V. Patel1, M. Liu2, R. Snyder3, A. Loehrer4, A. Haynes1 1Dell Medical School, Austin, TX, USA 2Harvard Medical School, Boston, MA, USA 3The University of Texas MD Anderson Cancer Center, Houston, TX, USA 4Dartmouth-Hitchcock Medical Center, Lebanon, NH, USA
Introduction: Racial and ethnic differences in declining potentially curative cancer surgery has been attributed to inequities in access to care and mistrust of healthcare systems, among other factors. While federal policies have targeted health inequities over the past two decades, it is unknown whether rates of declined surgery among minoritized populations have changed. The objective of this study was to assess trends in racial and ethnic differences in declined cancer surgery in the United States over the past 20 years.
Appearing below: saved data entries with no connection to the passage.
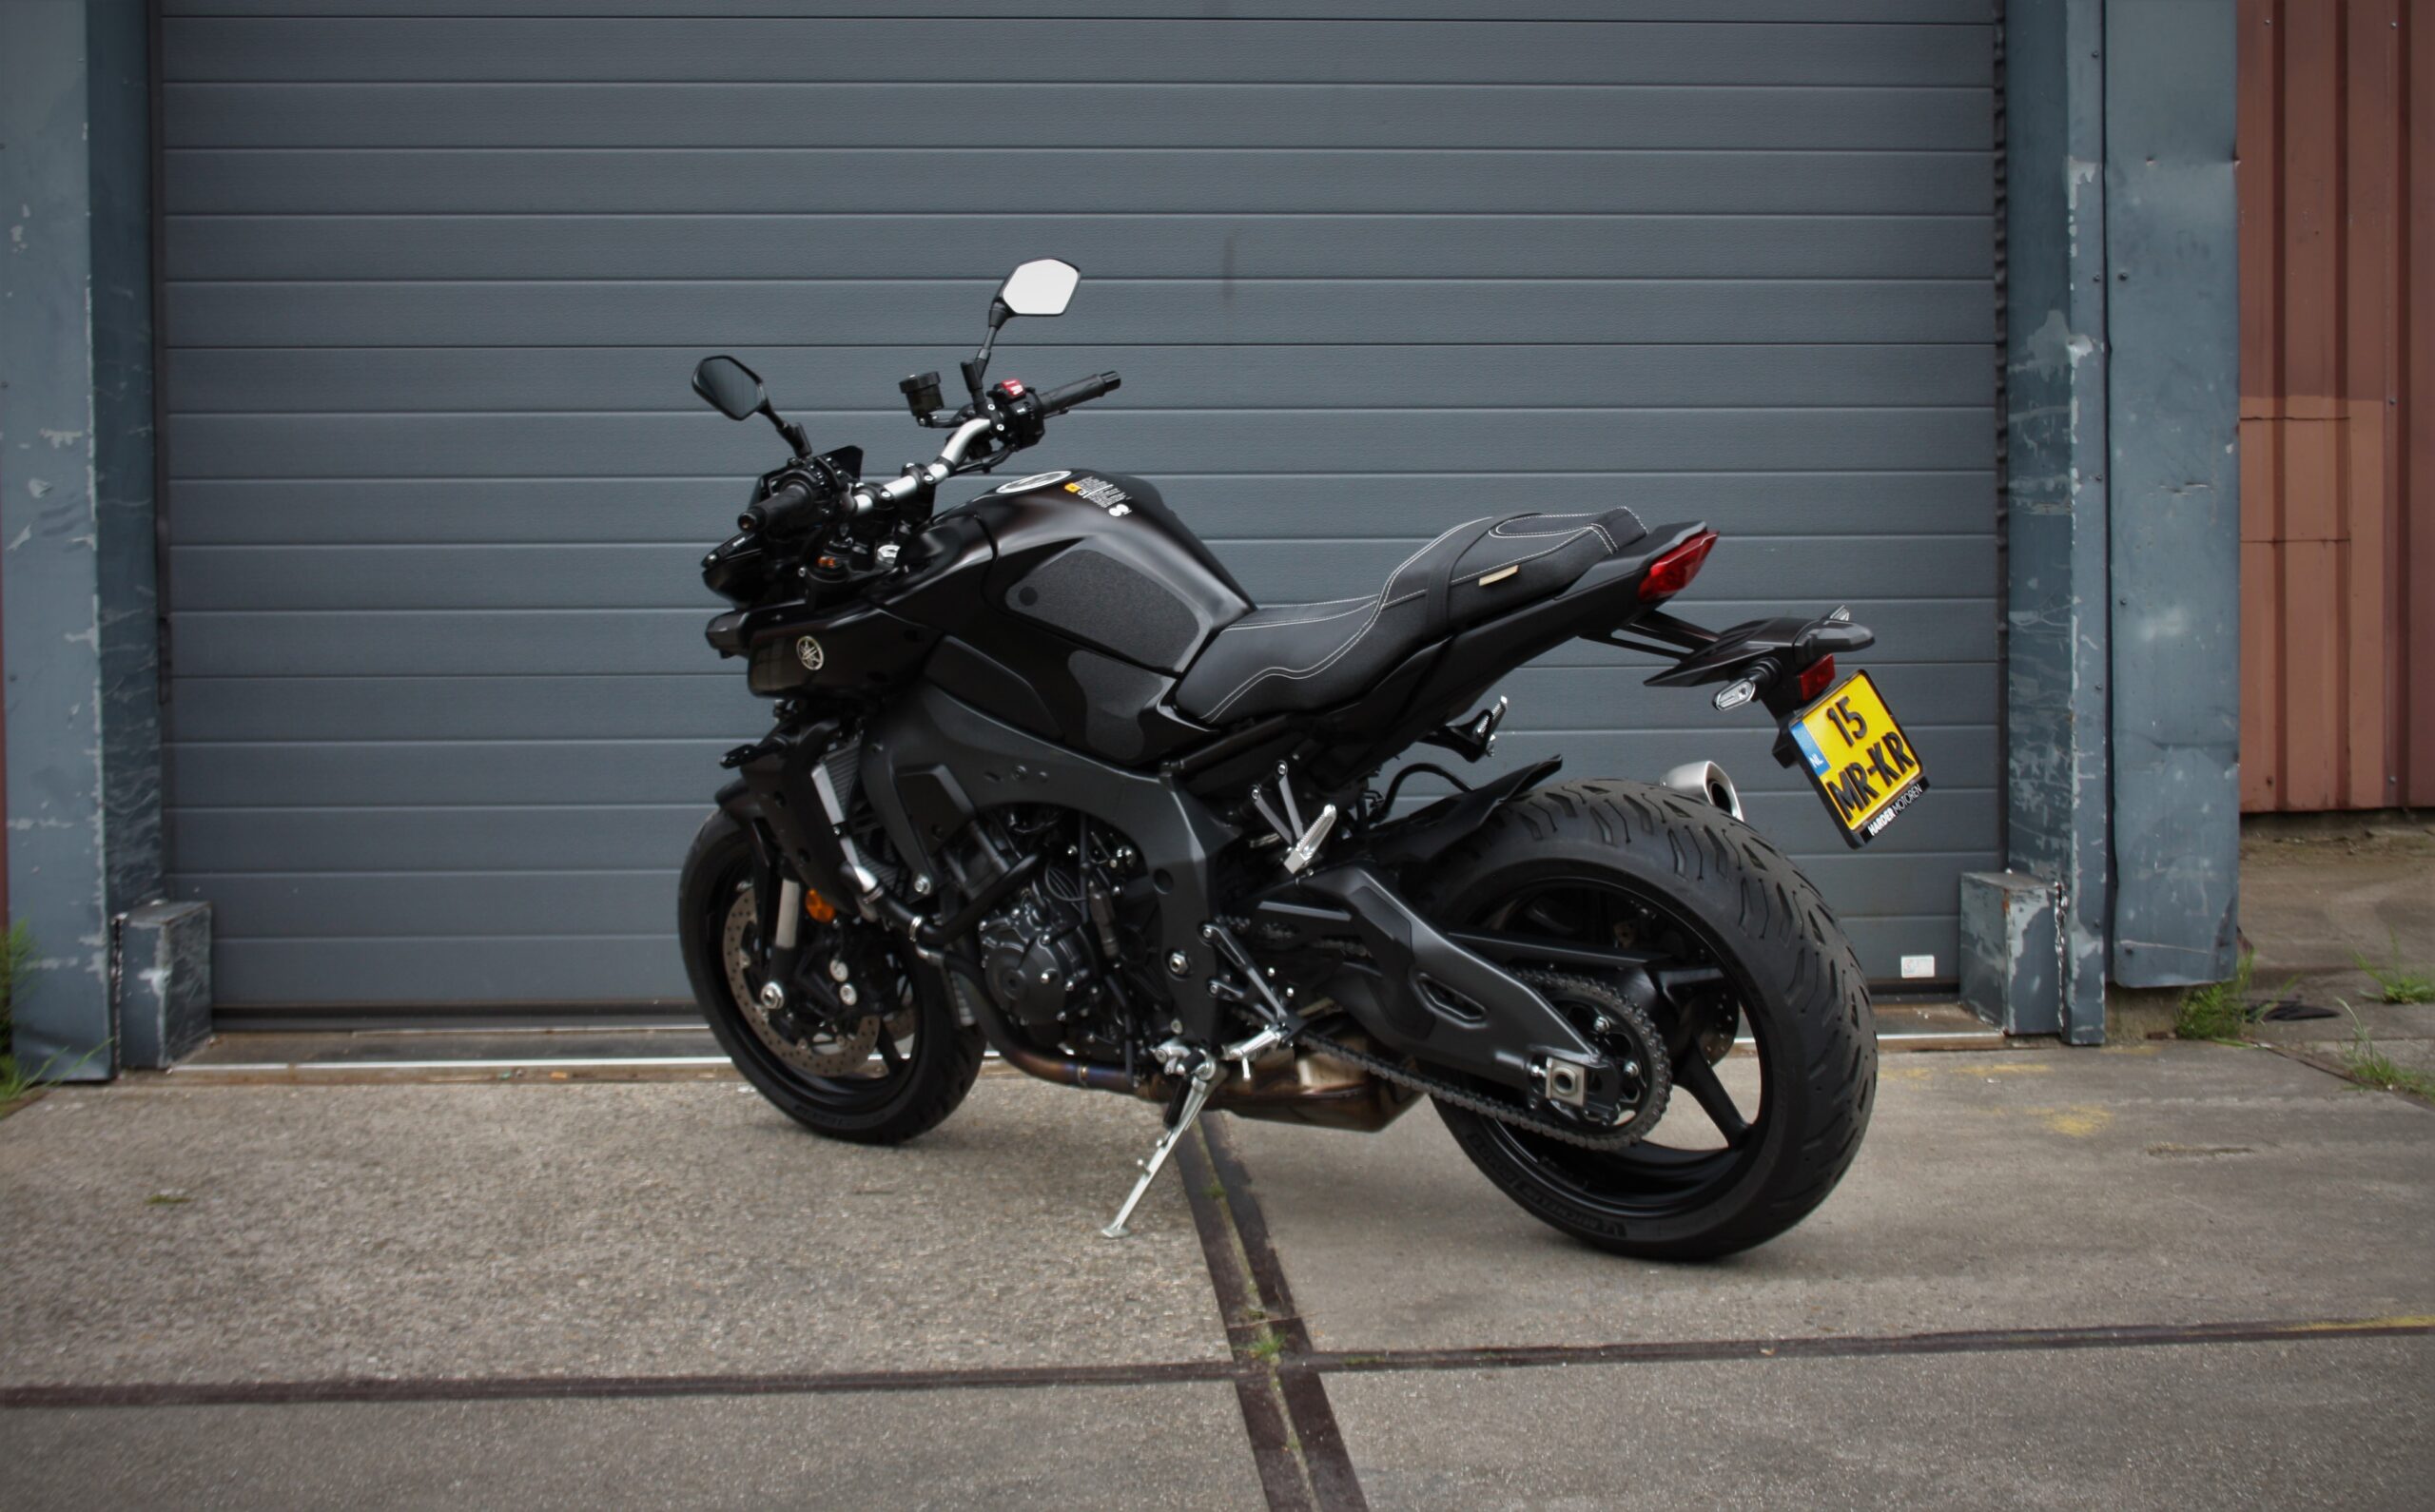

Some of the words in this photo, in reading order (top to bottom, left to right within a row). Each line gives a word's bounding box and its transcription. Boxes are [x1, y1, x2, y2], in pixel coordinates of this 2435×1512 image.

[1826, 696, 1867, 747] 15
[1809, 754, 1823, 769] NL
[1826, 731, 1915, 822] MR-KR
[1867, 807, 1896, 836] HARDER
[1893, 785, 1923, 814] MOTOREN
Methods: We performed a population-based cohort study using the US Surveillance, Epidemiology, and End Results Program. We included individuals diagnosed with the 15 highest mortality cancers in the US between 2000 and 2019, who had non-metastatic disease and were recommended for surgery. The exposure of interest was race and ethnicity (Non-Hispanic Asian, Non-Hispanic Black, Hispanic, or Non-Hispanic White). The primary outcome was declined surgery, defined as surgical intervention that was specifically recommended by the physician and declined by the patient or surrogate decision-maker. Annual risk-adjusted rates of declined surgery were estimated for each racial and ethnic group using a mixed-effects logistic regression model with the following parameters: age, sex, primary site, stage, income, rurality, state random effects, and a (race and ethnicity × year of diagnosis) interaction term. Marginal standardization was used to estimate risk-adjusted rates and their within-group and between-year differences
Results: The study included 2,740,129 individuals with non-metastatic cancer (median [IQR] age, 65 [54-74] years). Of patients, 7.6% identified as Asian, 8.8% Black, 10.6% Hispanic, and 73.0% White. Black patients had the highest rates of declined surgery (2.4% [95%CI, 2.0%-2.8%] in 2000 and 2.3% [95%CI, 1.9%-2.6%] in 2019), while White patients had the lowest rates (1.0% [95%CI, 0.9%-1.1%] in 2000 and 1.2% [95%CI, 1.1%-1.4%] in 2019). From 2000 to 2019, racial and ethnic differences in declined surgery did not change significantly. When stratified by cancer site, there were significant reductions in the Black-White disparity in declination rates for 4 of 15 cancer sites (esophageal, pancreatic, lung, and kidney), though the Black-White disparity for all cancer sites remained statistically significant in 2019 (P<.01).
Conclusions: In this national study, patients from racial and ethnic minoritized groups were more likely to decline surgical intervention for potentially curable malignancies. This disparity has largely persisted over the past two decades. Understanding and addressing reasons for declining recommended surgical therapy will be critical to achieve equitable oncologic outcomes.